Я непроизвольно посмотрел на тёмные окна спален. Да, там можно было заниматься чем угодно, а не только спать! И в одном окне я увидел смутно темнеющий силуэт. Массивная широкоплечая фигура могла принадлежать кому угодно, но я почему-то был уверен, что там стоит и смотрит на творящееся на лужайке эротическое действо, никто иная, как Лика!
Глава 5
Разбудил меня громкий голос.
– Вставай, Вадим нас ждут срочные дела!
"Хорошо ещё, что не великие, а всего лишь срочные", - вяло подумал я, выплывая из сна. Тощий матрас совершенно не изолировал меня от трех, казавшихся мне твердыми, как камень досок, из которых и был сколочен стеллаж, используемый обычно для хранения продуктов, которые не портятся. Консервных банок, например. Вверху под потолком в этой кладовке маленькое окошко уже было освещено дневным светом.

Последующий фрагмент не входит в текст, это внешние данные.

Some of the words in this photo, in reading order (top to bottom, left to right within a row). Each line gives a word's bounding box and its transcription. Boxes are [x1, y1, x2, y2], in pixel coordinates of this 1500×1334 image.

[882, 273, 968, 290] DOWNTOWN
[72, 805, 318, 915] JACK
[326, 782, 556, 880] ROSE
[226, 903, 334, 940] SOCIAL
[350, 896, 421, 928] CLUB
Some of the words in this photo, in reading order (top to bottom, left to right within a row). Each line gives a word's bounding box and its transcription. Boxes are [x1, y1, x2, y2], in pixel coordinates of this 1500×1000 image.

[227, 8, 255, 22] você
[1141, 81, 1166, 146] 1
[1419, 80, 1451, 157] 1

"Значит нельзя сказать, что меня разбудили слишком уж рано и Гиви - безжалостный тиран!" - решил я и сел. Вот только сделал я это без учета состояния своего организма, а оно было далеко от идеала. Болевшая и до того голова теперь болела гораздо сильнее.
"Похмелье во всей своей красе!" - думал я, непроизвольно сжимая голову ладонями.

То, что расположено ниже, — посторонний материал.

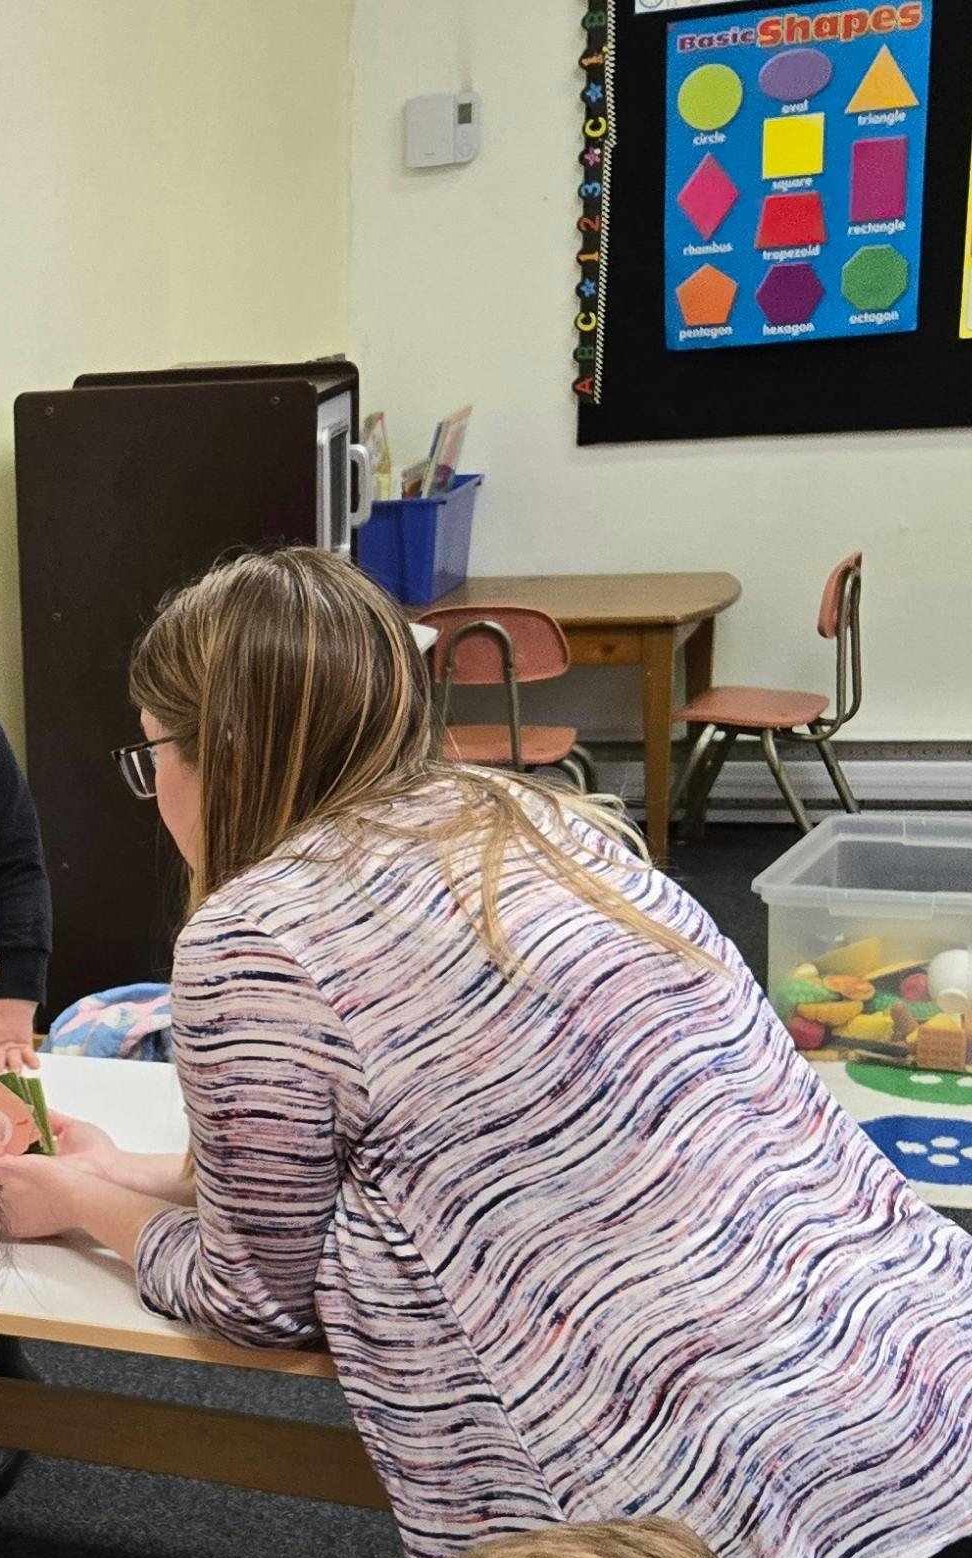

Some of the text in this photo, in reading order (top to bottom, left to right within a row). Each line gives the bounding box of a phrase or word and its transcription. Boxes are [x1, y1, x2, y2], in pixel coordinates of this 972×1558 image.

[677, 2, 922, 51] Basic Shapes
[781, 100, 809, 114] oval
[857, 110, 906, 126] triangle
[692, 131, 727, 146] circle
[772, 176, 813, 191] square
[847, 218, 906, 236] rectangle
[683, 241, 734, 256] rhombus
[762, 244, 821, 261] trapezoid
[849, 311, 900, 325] octagon
[678, 326, 733, 341] pentagon
[762, 322, 815, 337] hexagon

Вчера я дождался, когда, нацеловавшись, Ирина и Илья отправились наверх, в спальню, в обнимку.
"Только вот не спать они будут, а заниматься тем, что раньше обозначалось надписью: детям до шестнадцати смотреть запрещается!"

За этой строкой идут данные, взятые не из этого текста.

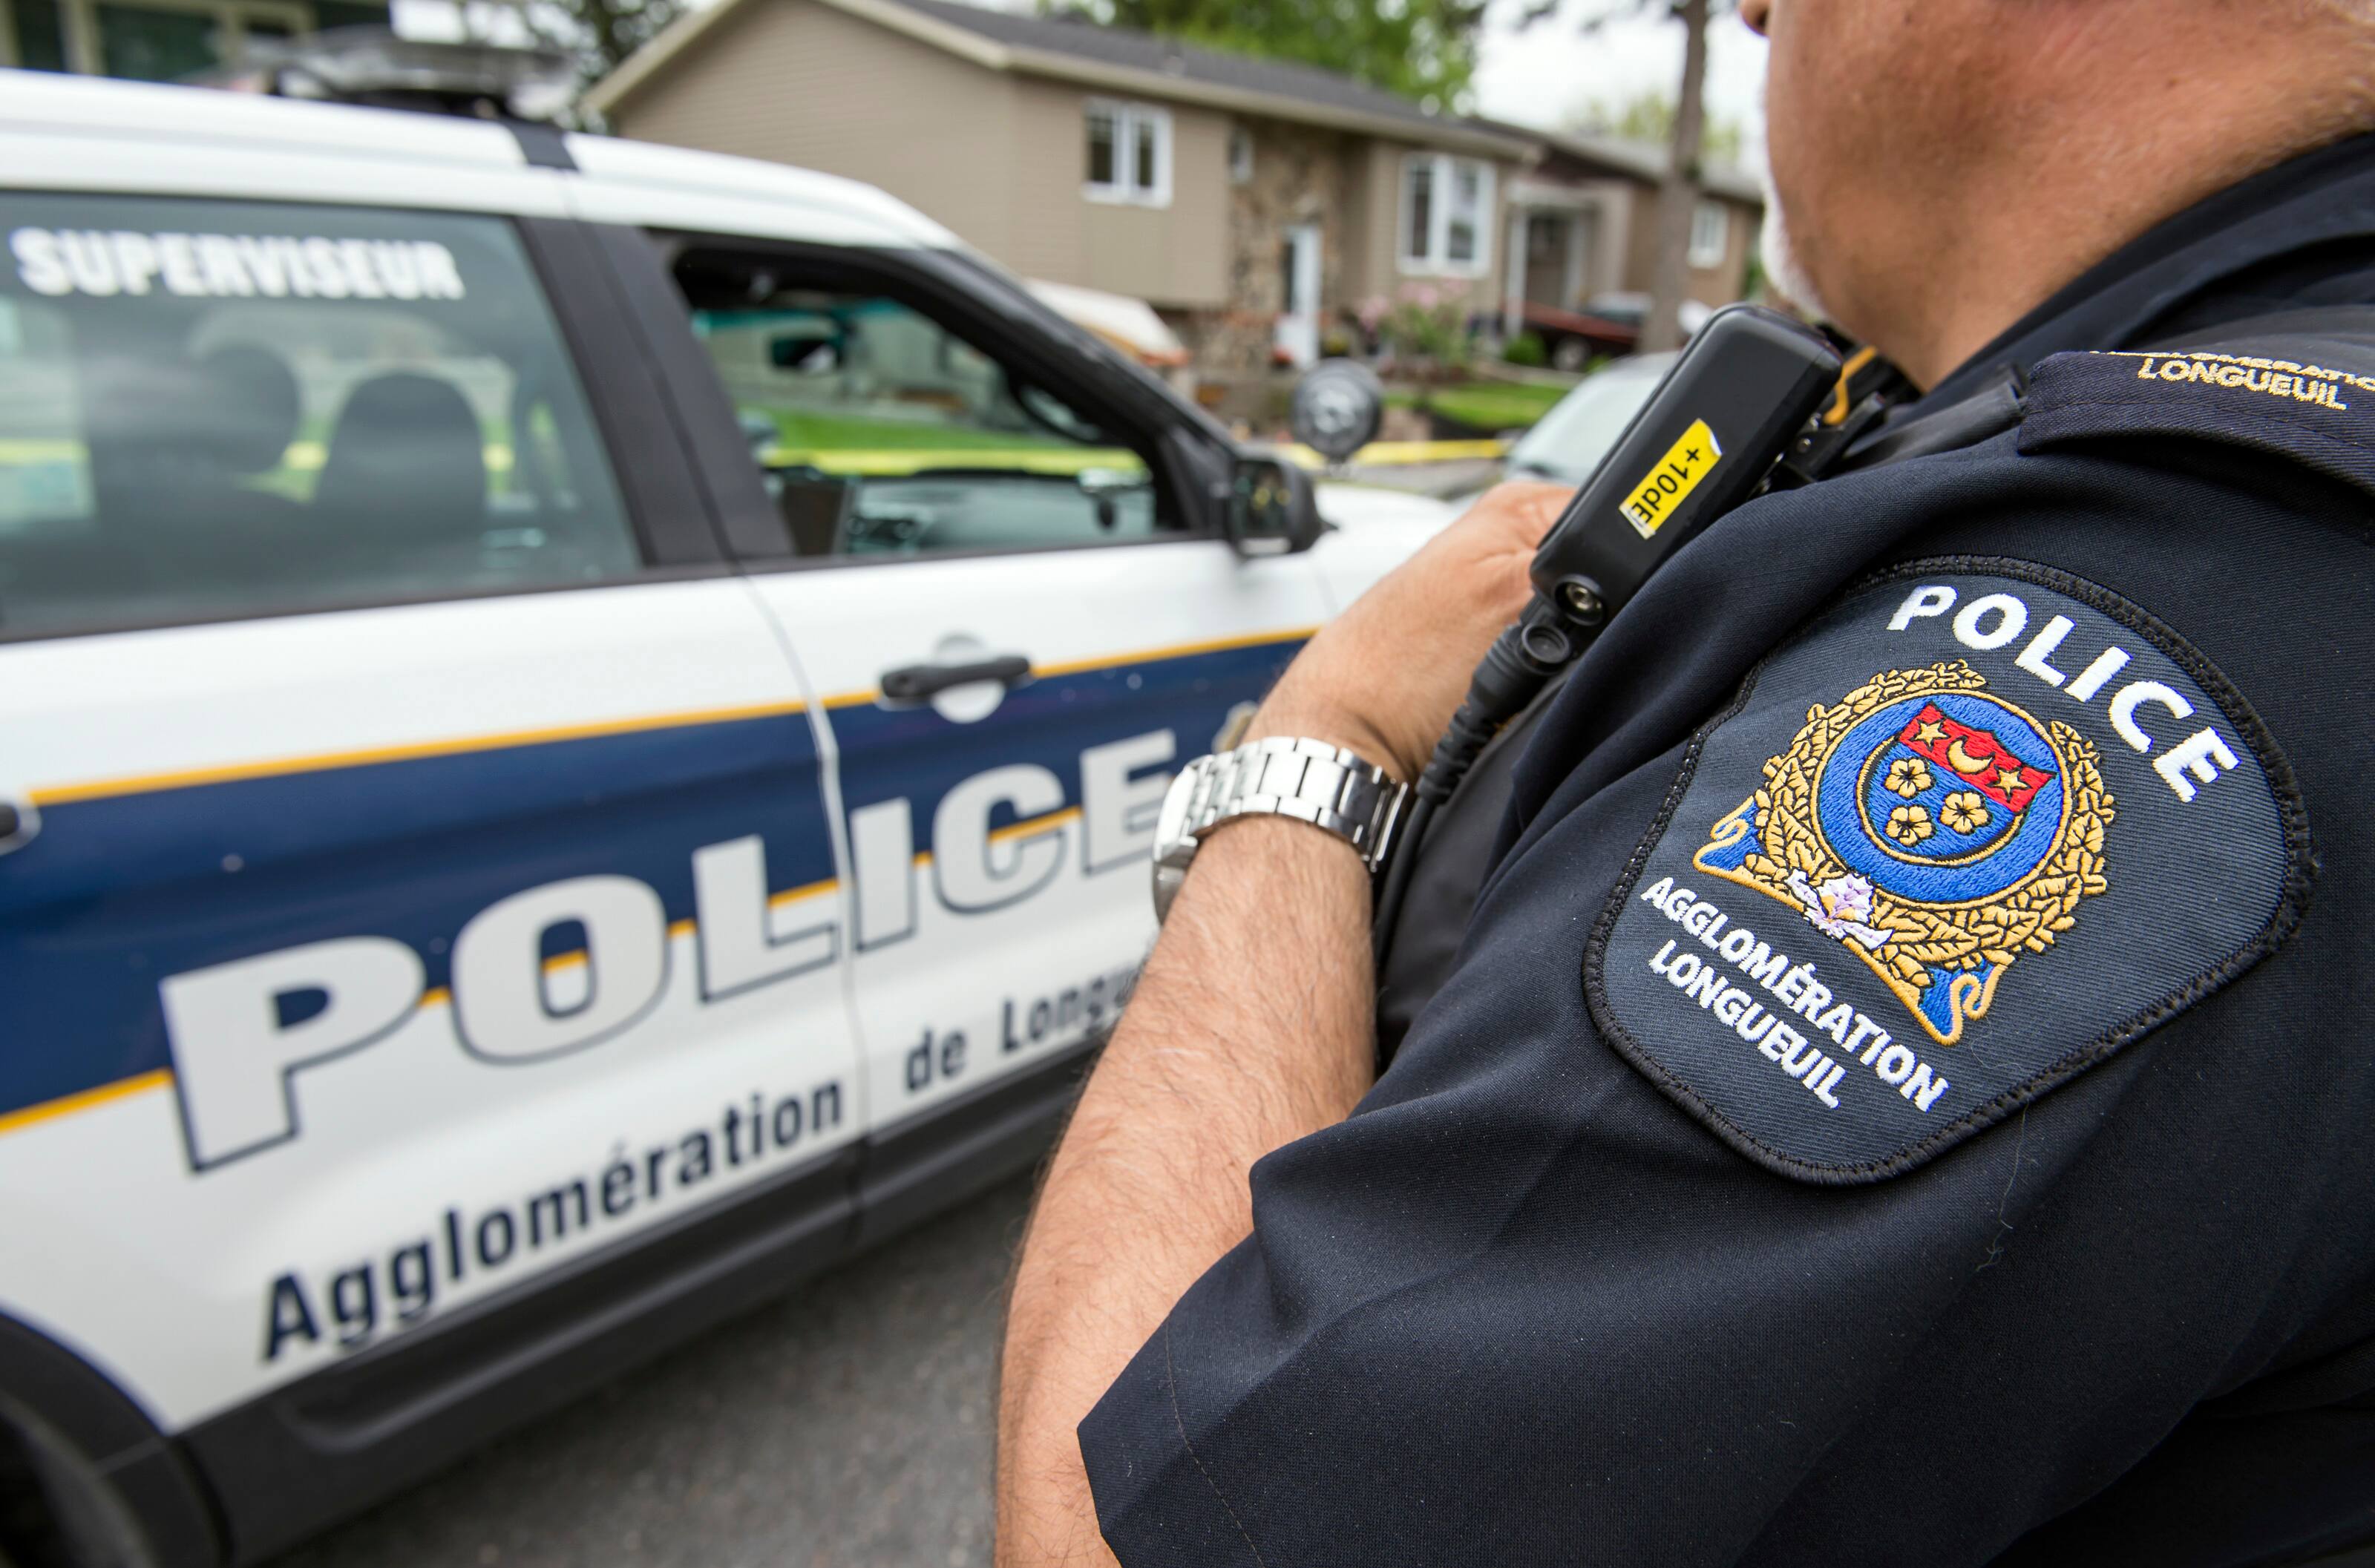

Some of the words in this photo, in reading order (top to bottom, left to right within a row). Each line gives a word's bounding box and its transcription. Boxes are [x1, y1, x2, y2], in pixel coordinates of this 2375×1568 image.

[10, 227, 466, 298] SUPERVISEUR
[2138, 357, 2348, 411] LONGUEUIL
[1886, 584, 2239, 804] POLICE
[158, 729, 1179, 1174] POLICE
[1639, 876, 1948, 1113] AGGLOMÉRATION
[1648, 939, 1848, 1109] LONGUEUIL
[260, 1079, 844, 1364] Agglomération
[905, 1026, 967, 1092] de

С накатившей злобой подумал я и, ощущая себя слишком трезвым, для того, чтобы спокойно пережить всё это, снова отправился на кухню. Там я, совершенно не стесняясь, открыл винный шкаф и схватил первую попавшуюся бутылку. Это оказался портвейн. Выдернув штопором пробку, я, не церемонясь, припал прямо к горлышку. Судя по вкусу, который я вначале ещё ощущал, портвейн был сделан явно не вчера. Только теперь год изготовления этого шедевра винной промышленности Португалии меня не интересовал.
Затем я ещё осознанно дошел до назначенной мне на эту ночь для сна кладовки, и упал на лежанку. То, что матрас был ужасно тонкий, а доски ужасно твердыми, меня совершенно не обеспокоило.
– Вадим!
– голос Гиви приобрел уже гневные нотки. Затем дверь в кладовку распахнулась и возникший в проеме Гиви посмотрел на меня. Затем ни слова не говоря, исчез, и тут же снова возник в дверях.
– Вот возьми! Поправь здоровье!
Одна только мысль о том, что мне надо выпить что-то алкогольное, заставила меня непроизвольно передернуться. Обычно я не похмелялся. Никогда! Предпочитал терпеть муки, страдать, но в рот не брал. Но это было дома. Здесь я не мог позволить себе, проваляться весь день в кладовке. Никто не будет ждать, пока я приду в себя. Меня просто выкинут в лес и забудут о моем существовании, а про надежду пристроиться где-то на денежное место можно будет забыть. Поэтому я глубоко вдохнул, как вдыхает ныряльщик, перед тем как нырнуть в ледяную воду, затем резко выдохнул, зажмурил глаза и начал судорожно глотать холодную жидкость. Бутылка быстро опустела. Сильно противно не было.